Ich habe die merkwürdige Eigentümlichkeit bei mir selbst entdeckt und bin mir jetzt unsicher, ob das noch normal ist: Wann immer ich mich auf der Suche nach einer Sache befinde, die ich gerade verloren habe, wechselt beim Suchen meine Fantasie in die Perspektive der verlorenen Sache. Zum Beispiel hatte ich mich heute morgen richtig dämlich angestellt. Es war einfach nur ein Loch zu bohren gewesen, ein kleines Loch in eine Metallplatte einer Lampe, damit man da ein Kabel durchziehen konnte. Es war keine Hexerei und klappte auch einigermaßen gut. Beim anschließenden Aufräumen hatte ich mich nur leider viel zu sicher gefühlt und der kleine 3er Bohraufsatz fiel mir aus den vollbeladenen Händen selbstverständlich nicht auf den Boden. Nein, natürlich fiel er in eine Rumpelkiste voller Bastelmaterialien. Als ich wenig später darin wühlte, die ganze Pappe, jede Menge Plastiktüten voller Holzkeile, Metallstäbchen, Holzkügelchen, Styroporplatten, Plexiglasscheibchen, Kistchen mit Lineal, langsam an den Rändern zerfleddernden Pappseiten Größe viermal DIN A0, machte es in meinem Kopf auf einmal Klick und ich stellte mir automatisch vor, wie der kleine Bohraufsatz in den Zwischenräumen dieses Zeugs friedlich wartete, von mir gefunden zu werden.

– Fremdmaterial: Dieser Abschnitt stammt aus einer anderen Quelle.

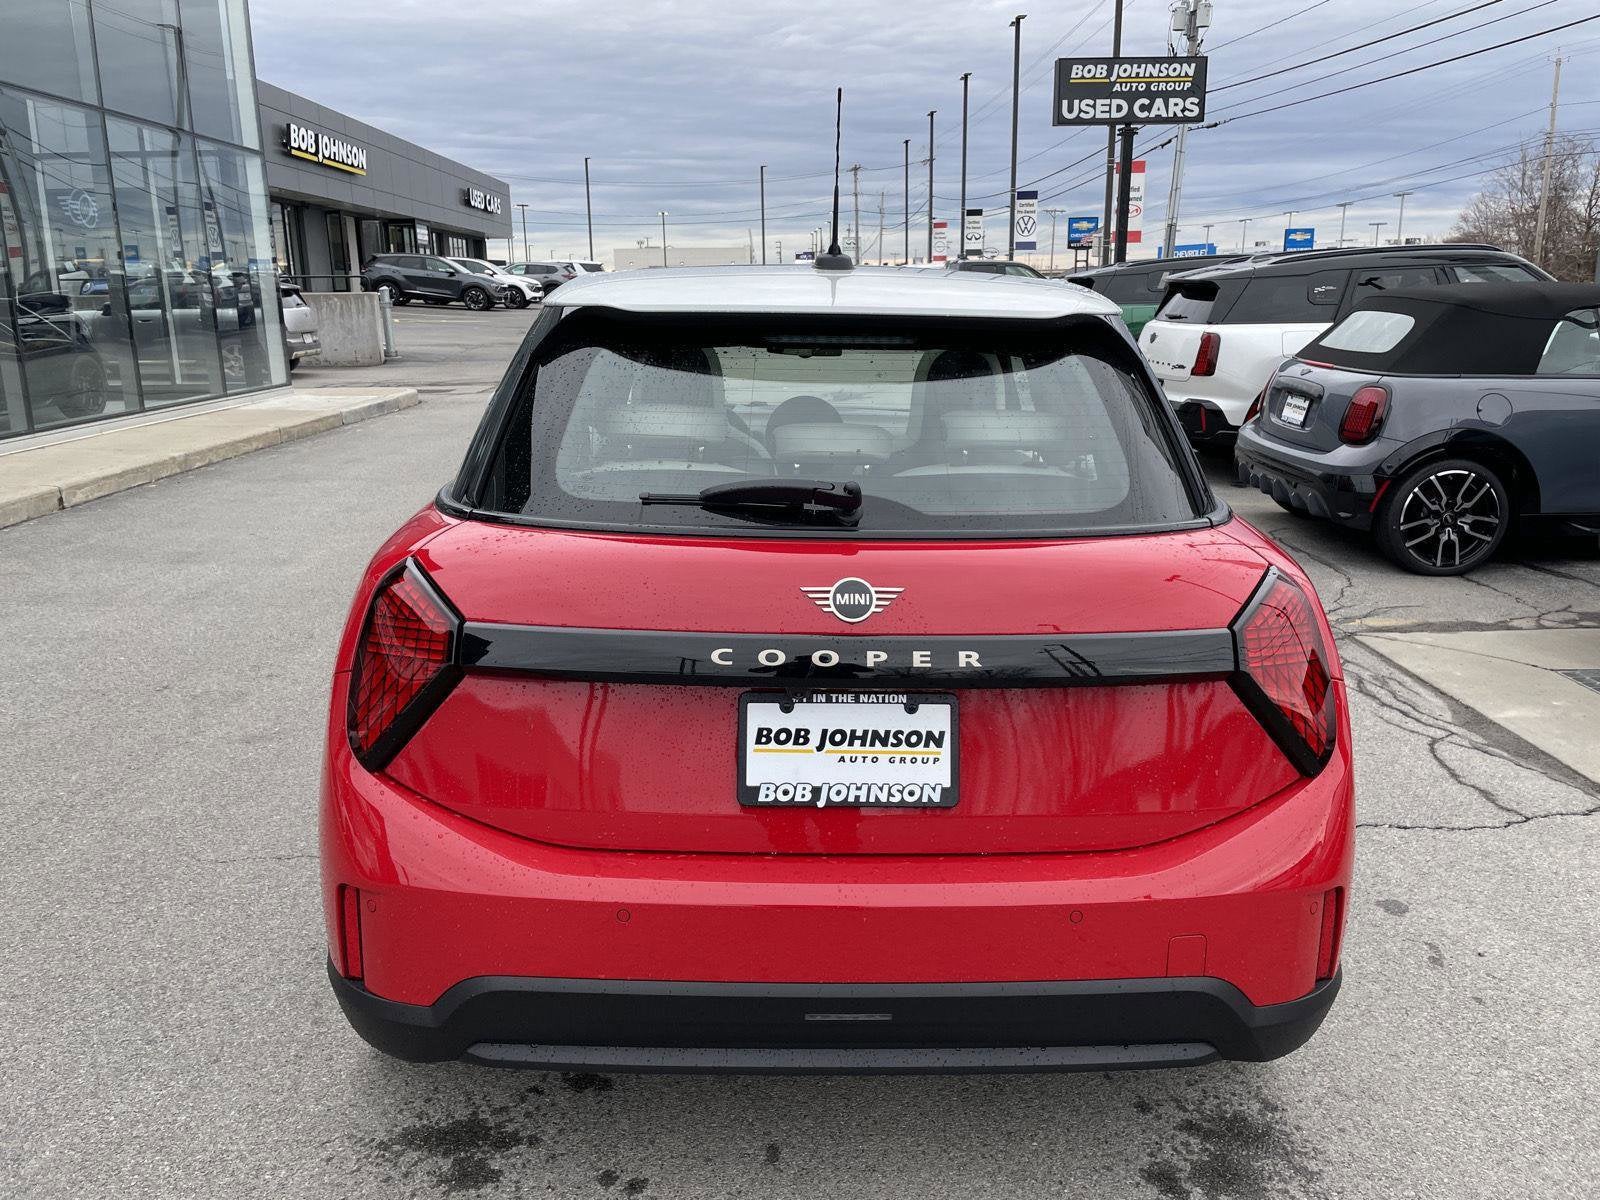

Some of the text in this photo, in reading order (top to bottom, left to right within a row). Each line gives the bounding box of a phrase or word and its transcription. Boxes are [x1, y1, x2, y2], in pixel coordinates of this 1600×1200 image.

[1071, 63, 1196, 82] BOB JOHNSON
[1112, 82, 1192, 91] AUTO GROUP
[1061, 97, 1200, 120] USED CARS
[290, 123, 367, 170] BOB JOHNSON
[469, 187, 501, 214] USED CARS
[836, 593, 870, 605] MINI
[710, 648, 982, 667] COOPER
[812, 693, 826, 703] IN
[830, 694, 855, 703] THE
[859, 694, 907, 703] NATION
[754, 727, 945, 752] BOB JOHNSON
[837, 755, 941, 765] AUTO GROUP
[757, 783, 943, 808] BOB JOHNSON

Ich wühlte mit der Hand zwischen den Linealen herum und schob Tüte für Tüte zur Seite und sah dabei mit mikroskopischer Genauigkeit, wie die Falten um den Bohraufsatz sich herum bewegten und er langsam von meiner Hand weg rutschte und schlitterte, sich an einem Holzstück verfing, also alles mögliche tat, um nicht gefunden zu werden.

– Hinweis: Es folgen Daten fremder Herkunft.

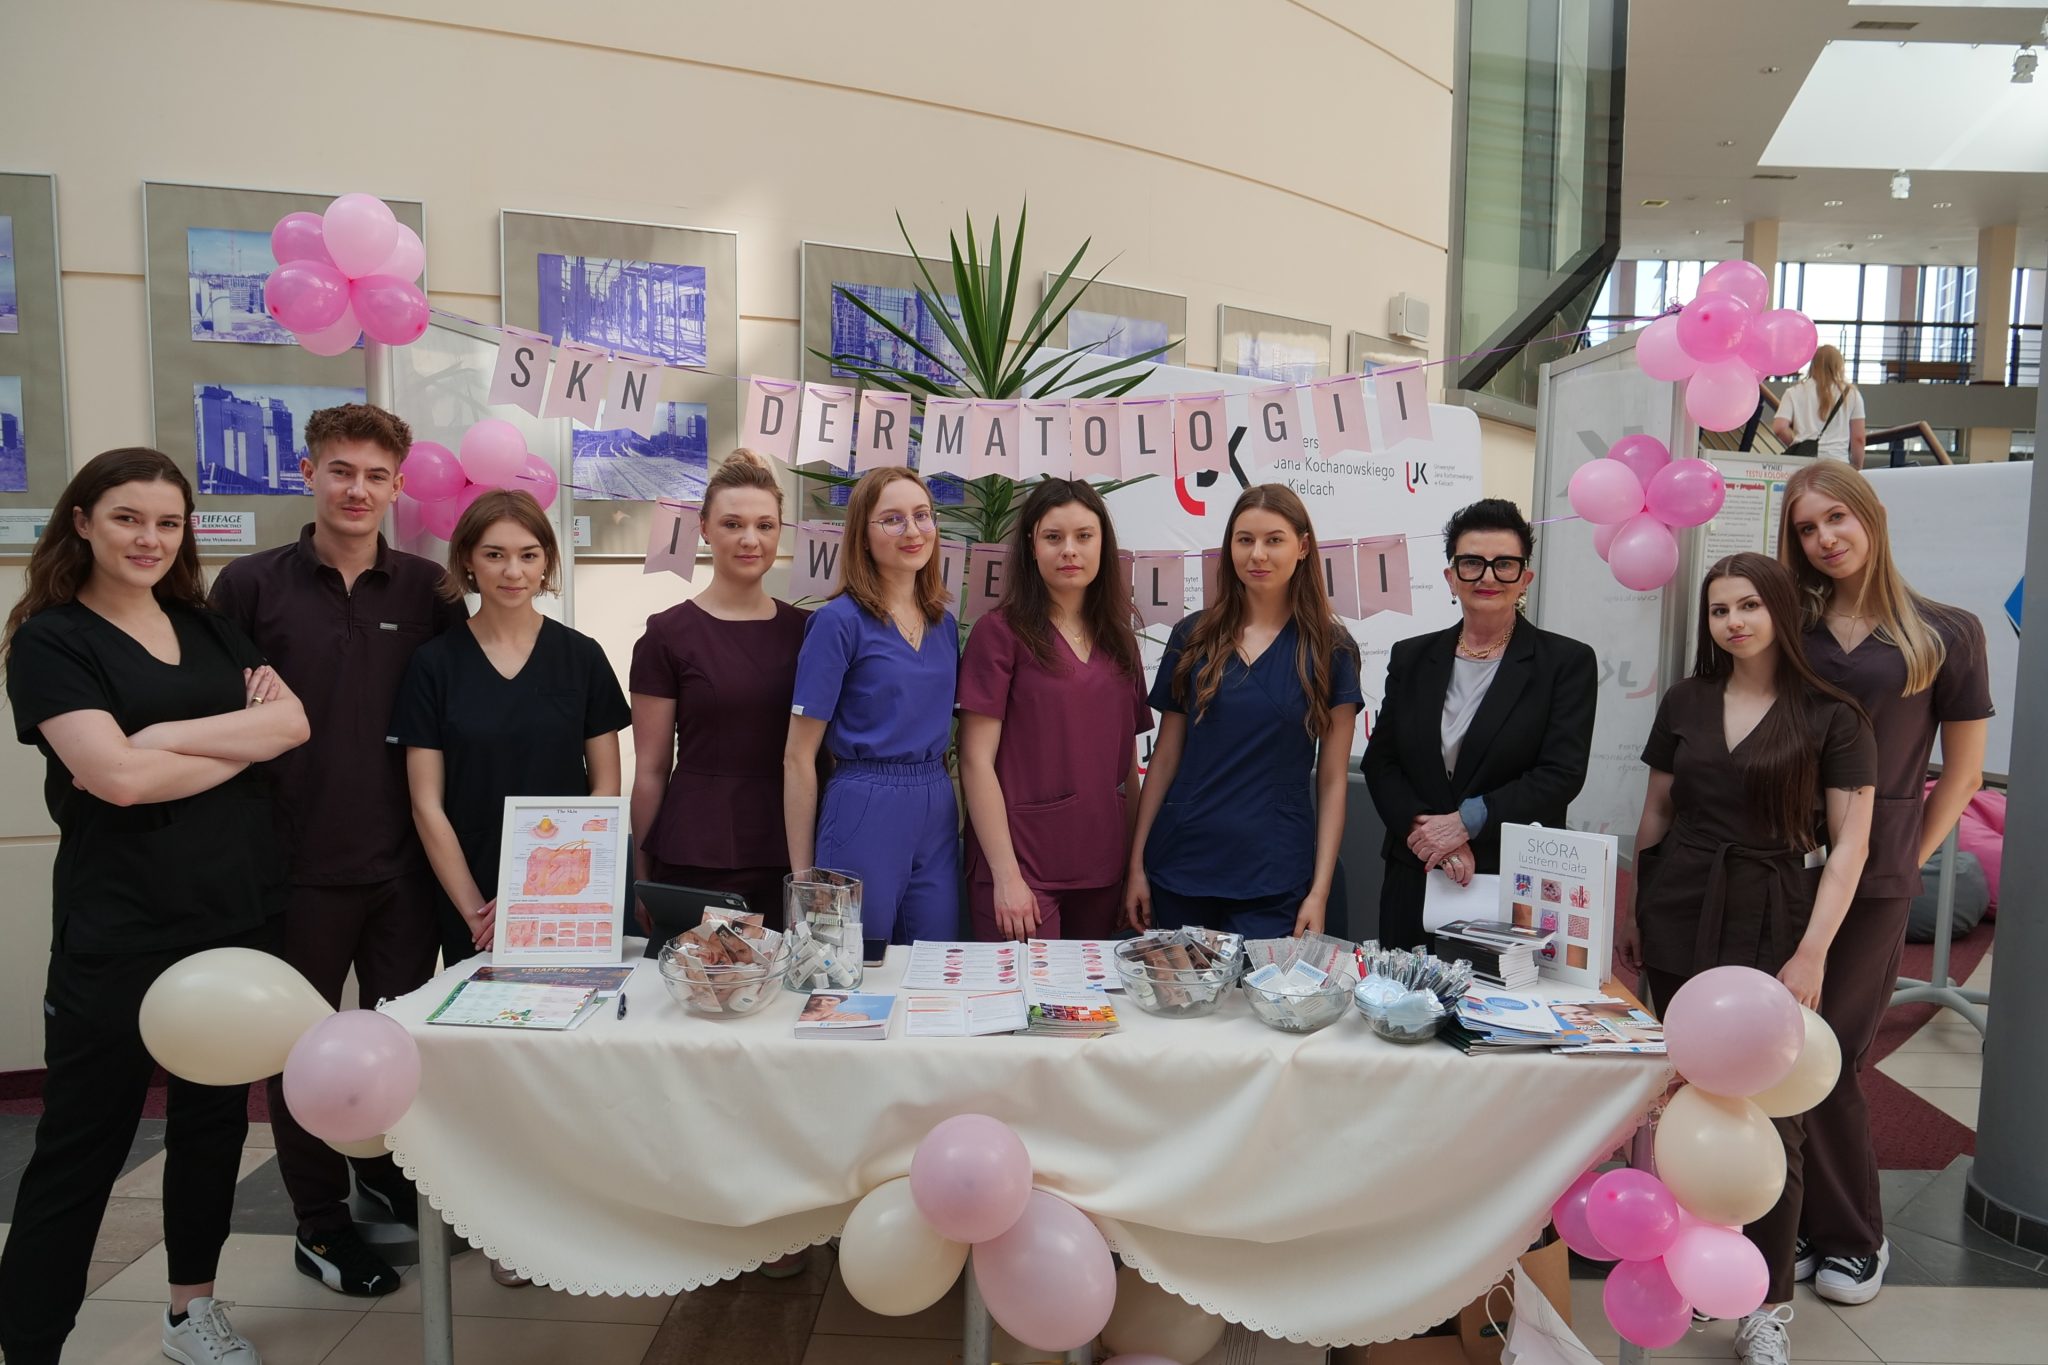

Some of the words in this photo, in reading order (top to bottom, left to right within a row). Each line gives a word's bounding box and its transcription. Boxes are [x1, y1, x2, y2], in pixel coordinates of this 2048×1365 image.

Eine Freundin von mir hatte mir mal erzählt, dass sie sich immer vorstellte, wenn sie eine Treppe mit einer Wasserflasche in der Hand nach unten ging, wie die Flasche ihr aus der Hand fiel und auf den Steinstufen zersplitterte. Sie wisse auch nicht wieso, das Bild sei einfach immer da. Und eine andere Freundin erzählte, ihr komme immer der Gedanke, wenn sie auf einer Rolltreppe im Kaufhof die Etage wechselte, dass das Band plötzlich ruckartig stehen bliebe und sie nach vorne kippte.
Bislang hatte ich immer darüber gelacht. Und ich hatte immer gesagt, dass das schon irgendwie krankhaft ist. Aber jetzt, wo ich diesen dämlichen Aufsatz suche und nach jedem noch so kleinen Geräusch lausche, lache ich nicht mehr.
Auf einmal kann ich mir vorstellen, dass wir alle solche merkwürdigen Fantasien mit uns rumtragen. Merkwürdig nur, dass sie an bestimmte Handlungen geknüpft sind.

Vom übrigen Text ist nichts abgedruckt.